Consistent with other studies [30, 39, 55], late participants recruited via telephone or face-to-face contacts were older, less well educated, and more often lived in an area with low purchasing power, groups that are generally hard to reach in surveys [14, 56]. Like the majority of other studies that compared early with late participants [30, 39, 55, 57-59], late participants in our study reported a poorer health status compared to early participants. This seemed to be especially true for participants of the home visit group contacted by the most expensive contact mode, i.e., face-to-face. As a recent systematic review has shown [31], this contact mode also resulted in the inclusion of the highest proportion of the oldest old (i.e., 80 years or older). In addition, these individuals had the highest proportions of morbidity and limitations in physical functioning in our study. Thus, health surveys among individuals 65 years or older should use more than one contact mode and more than one data collection mode [31, 39], as estimates of health characteristics and subsequent estimates of health care needs could otherwise clearly be biased.

Although the non-response bias was reduced, it still occurred in our study. Regarding the comparison between participants and non-participants, we found patterns that are well-known in the literature [20, 25, 27, 28]: Non-participants were more often not married, nursing home residents or had a non-German citizenship, and they more often lived in the rural PSU. In contrast to others who reported that non-participants lived more often in socially deprived living areas [20, 27], we did not observe differences among participants and non-participants regarding low purchasing power of their living area.
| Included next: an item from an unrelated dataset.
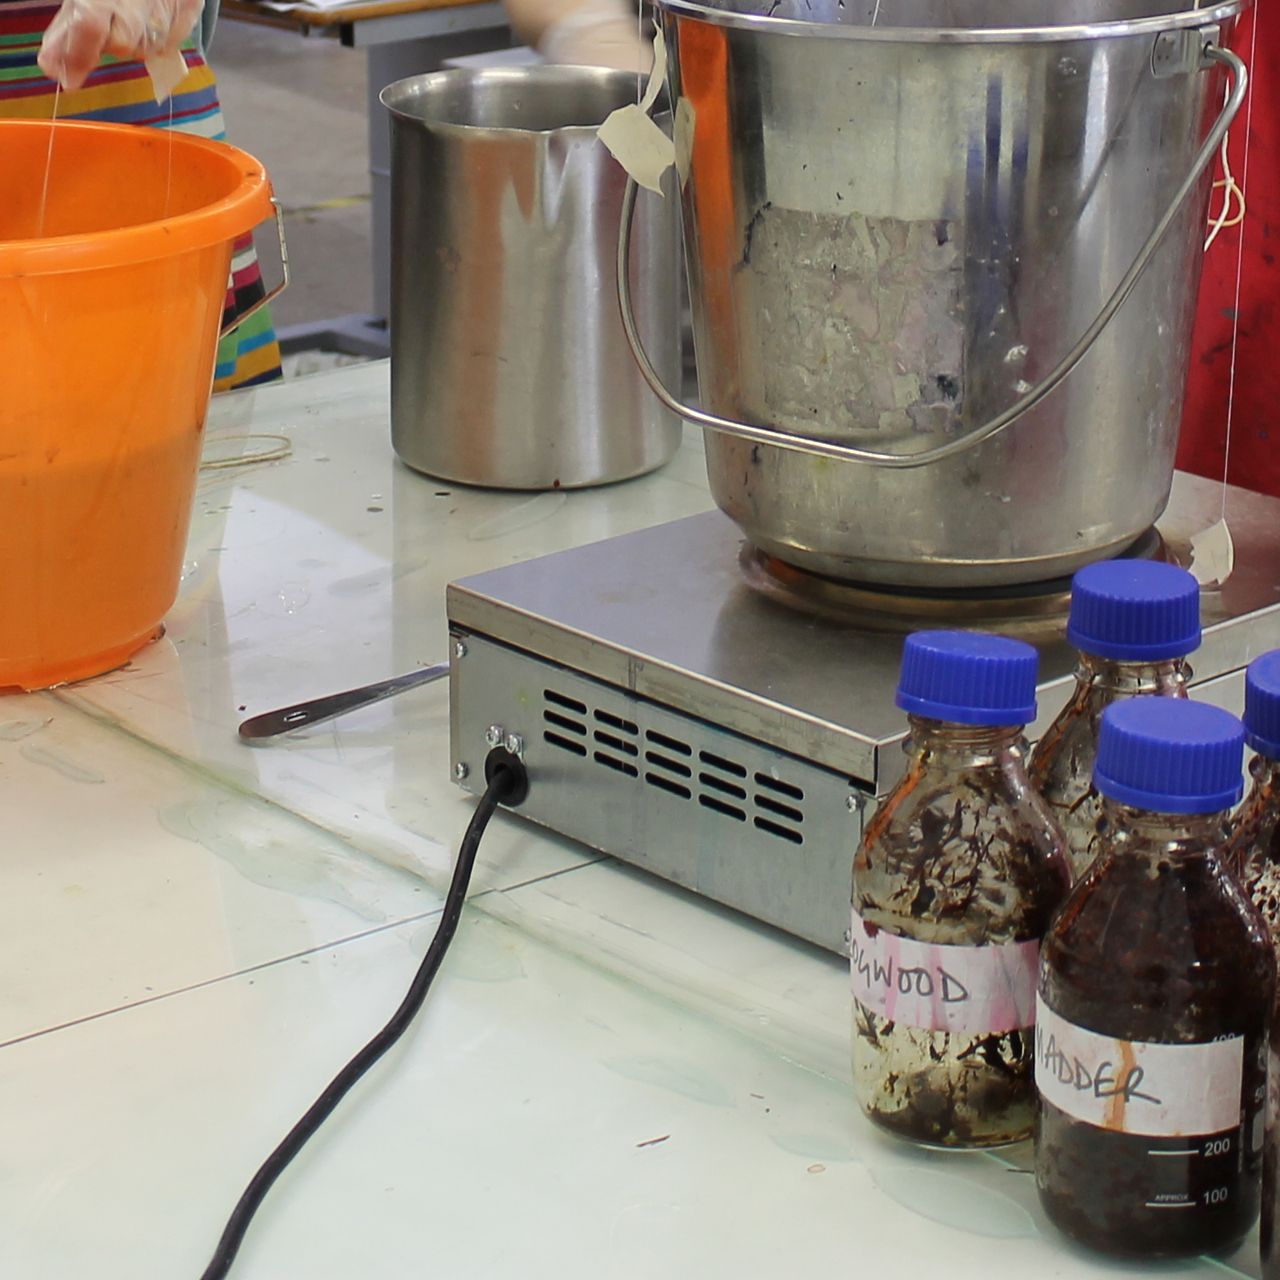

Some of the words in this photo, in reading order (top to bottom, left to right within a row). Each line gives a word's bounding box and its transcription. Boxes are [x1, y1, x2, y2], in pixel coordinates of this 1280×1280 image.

[851, 938, 969, 1003] OGWOOD
[1204, 1137, 1231, 1157] 200
[1203, 1186, 1229, 1205] 100
The follow-up non-responder questionnaire helped to gather minimal information from the oldest old, unmarried individuals, persons with low levels of education and those who made use of proxy interviews as well as persons without available telephone number. Moreover, and in line with previous studies [15, 22, 23, 25, 28], the inclusion of soft refusers in the survey affected the sample composition with regard to health-related outcomes. Soft refusers more often reported limitations in daily life due to health problems, and their self-rated health was more often fair, poor or very poor compared to participants. However, not all of these univariate associations remained significant in the multivariable logistic regression model. This was especially true for those associations with health-related outcomes. Furthermore, the analysis of reasons for non-participation indicated as well that non-participation in our study was associated with poorer health. As found in other studies [20, 22, 27, 28], illness was one of the main reasons for non-participation. However, the relatively small numbers have to be taken into account.

Strengths and limitations

The main strengths of our study consist of applying only a few exclusion criteria; older age as well as physical or mental disability were not among them. In addition, some of our non-response analyses are based on sociodemographic register-based data for the total sample.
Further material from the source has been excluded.